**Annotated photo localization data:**
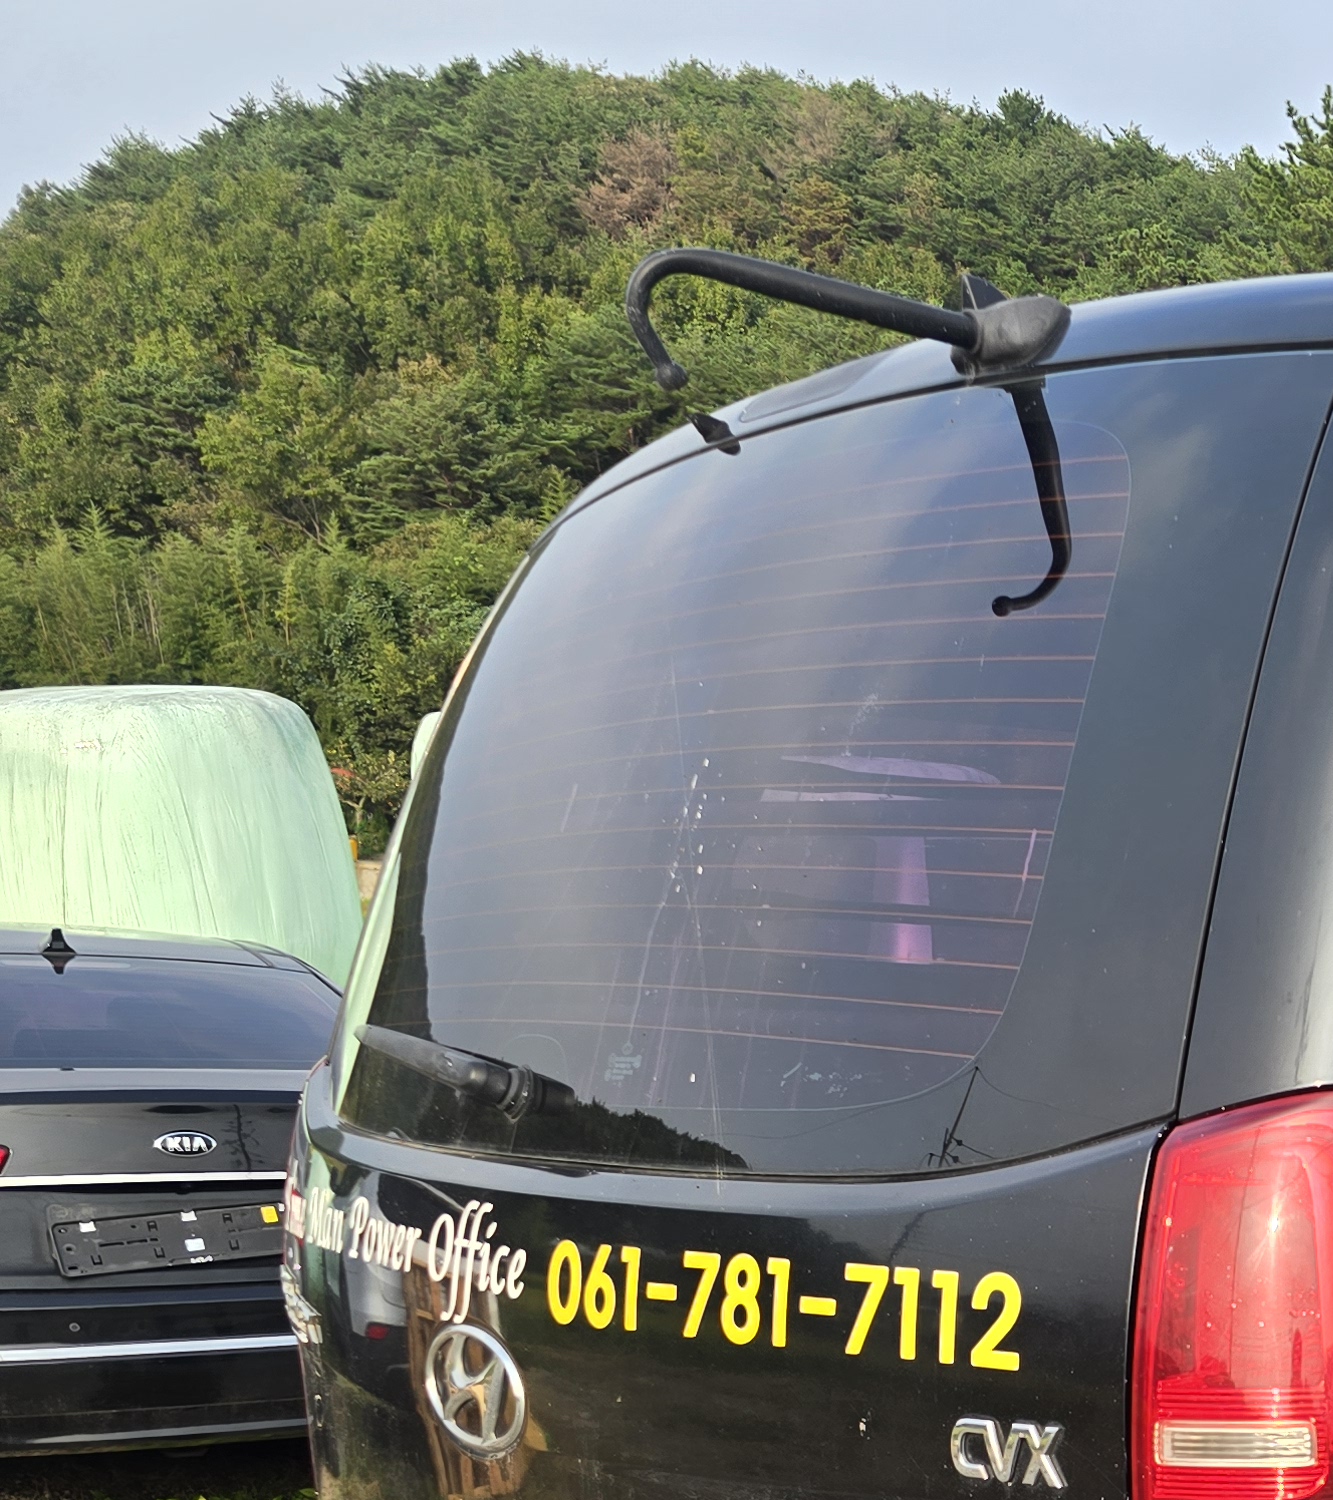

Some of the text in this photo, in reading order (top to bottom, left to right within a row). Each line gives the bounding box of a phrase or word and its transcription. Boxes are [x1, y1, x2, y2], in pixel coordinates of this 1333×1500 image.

[165, 1136, 209, 1152] KIA
[306, 1187, 344, 1254] Man
[349, 1196, 422, 1273] Power
[427, 1200, 527, 1324] Office
[547, 1240, 1022, 1371] 061-781-7112
[950, 1415, 1066, 1488] CVX

**Exercise description:**
A faithful, complete copy of the entries is required, without the pictures.

**Result of the exercise:**
Some of the text in this photo, in reading order (top to bottom, left to right within a row). Each line gives the bounding box of a phrase or word and its transcription. Boxes are [x1, y1, x2, y2], in pixel coordinates of this 1333×1500 image.

[165, 1136, 209, 1152] KIA
[306, 1187, 344, 1254] Man
[349, 1196, 422, 1273] Power
[427, 1200, 527, 1324] Office
[547, 1240, 1022, 1371] 061-781-7112
[950, 1415, 1066, 1488] CVX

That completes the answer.